ACTIVITY →
Reproduce the lines below verbatim. Pictures are to be omitted.

DATASET EXCERPTS →

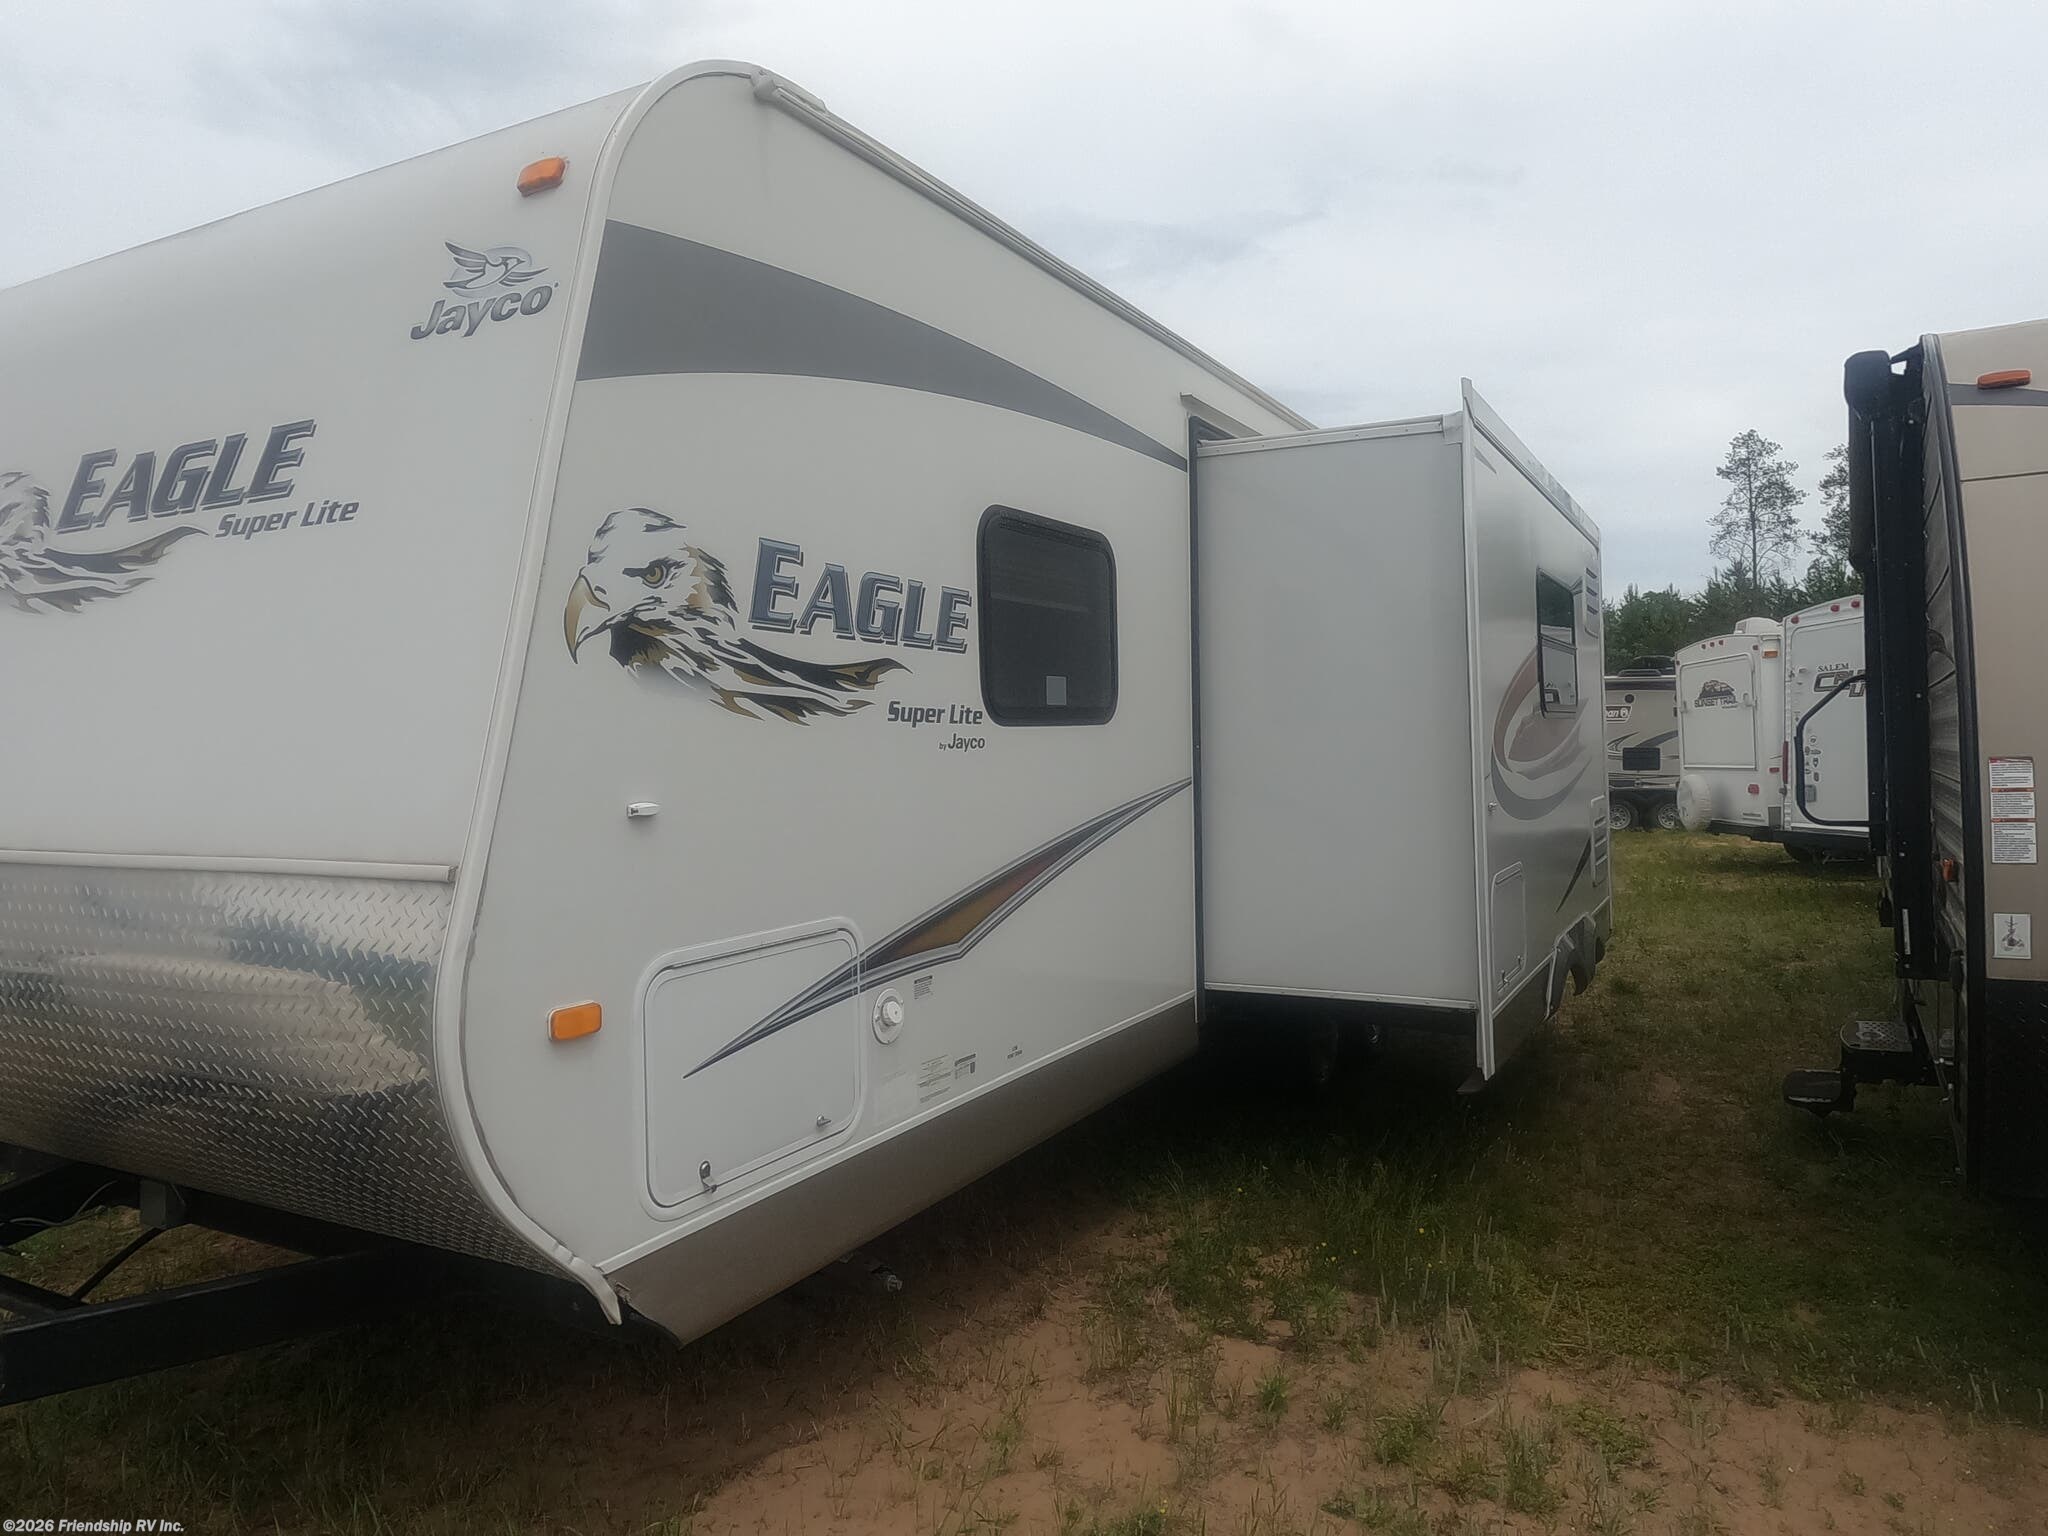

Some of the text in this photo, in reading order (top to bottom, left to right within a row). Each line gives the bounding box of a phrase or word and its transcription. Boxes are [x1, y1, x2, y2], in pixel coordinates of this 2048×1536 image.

[410, 285, 553, 340] Jayco
[56, 419, 317, 535] EAGLE
[215, 500, 359, 540] Super Lite
[748, 537, 972, 654] EAGLE
[1818, 663, 1849, 672] SALEM
[887, 700, 983, 728] Super Lite
[939, 733, 985, 752] by Jayco
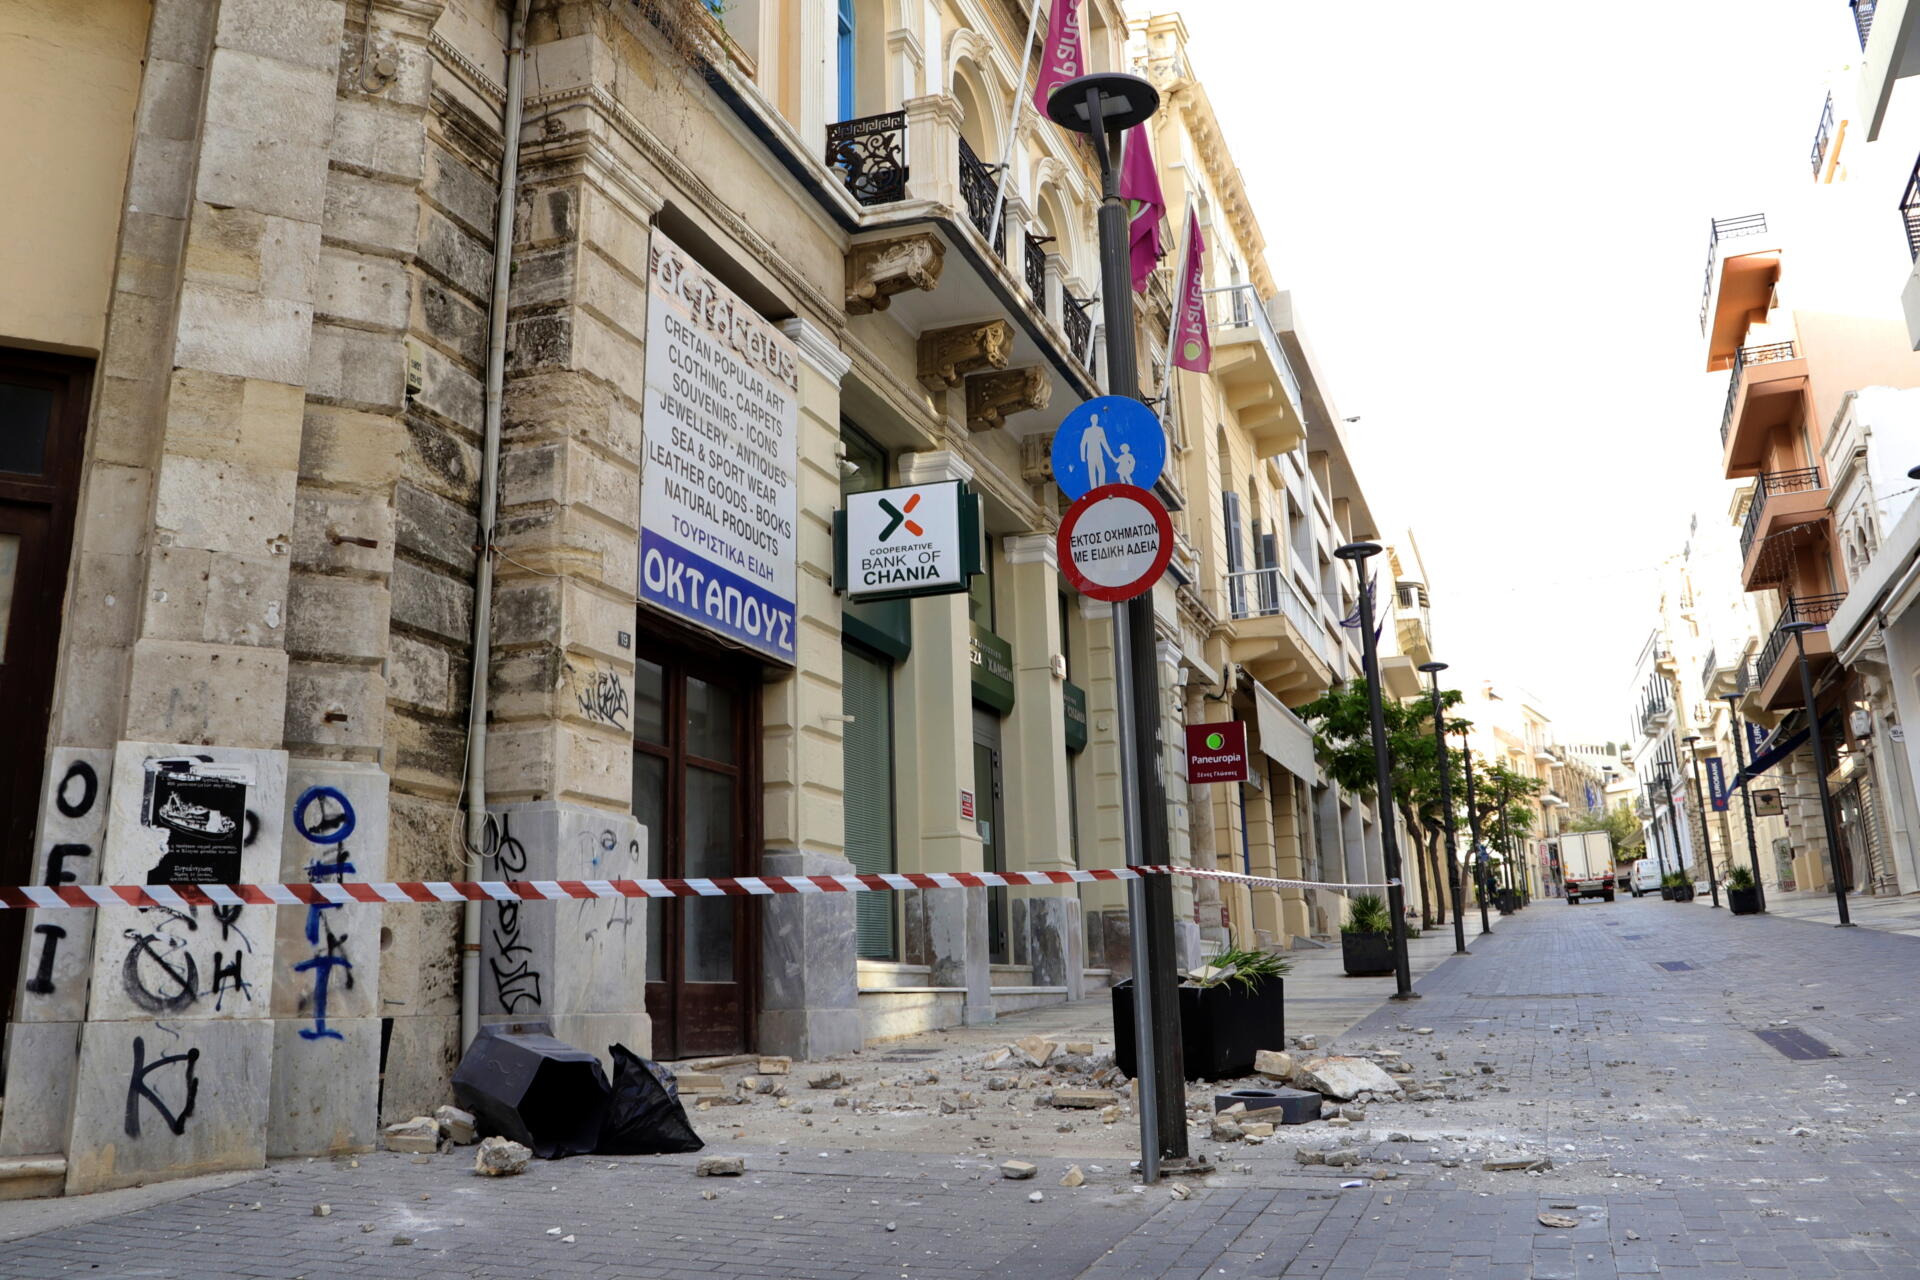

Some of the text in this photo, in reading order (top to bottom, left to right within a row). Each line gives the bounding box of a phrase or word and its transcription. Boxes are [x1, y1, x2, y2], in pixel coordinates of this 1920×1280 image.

ANSWER FOR THE TASK →
Some of the text in this photo, in reading order (top to bottom, left to right within a row). Each line gives the bounding box of a phrase or word and its transcription. Boxes are [x1, y1, x2, y2], in pixel coordinates of this 2048×1536 image.

[410, 285, 553, 340] Jayco
[56, 419, 317, 535] EAGLE
[215, 500, 359, 540] Super Lite
[748, 537, 972, 654] EAGLE
[1818, 663, 1849, 672] SALEM
[887, 700, 983, 728] Super Lite
[939, 733, 985, 752] by Jayco

Some of the text in this photo, in reading order (top to bottom, left to right within a row). Each line gives the bounding box of a phrase or word and its transcription. Boxes are [x1, y1, x2, y2], in pixel coordinates of this 1920×1280 image.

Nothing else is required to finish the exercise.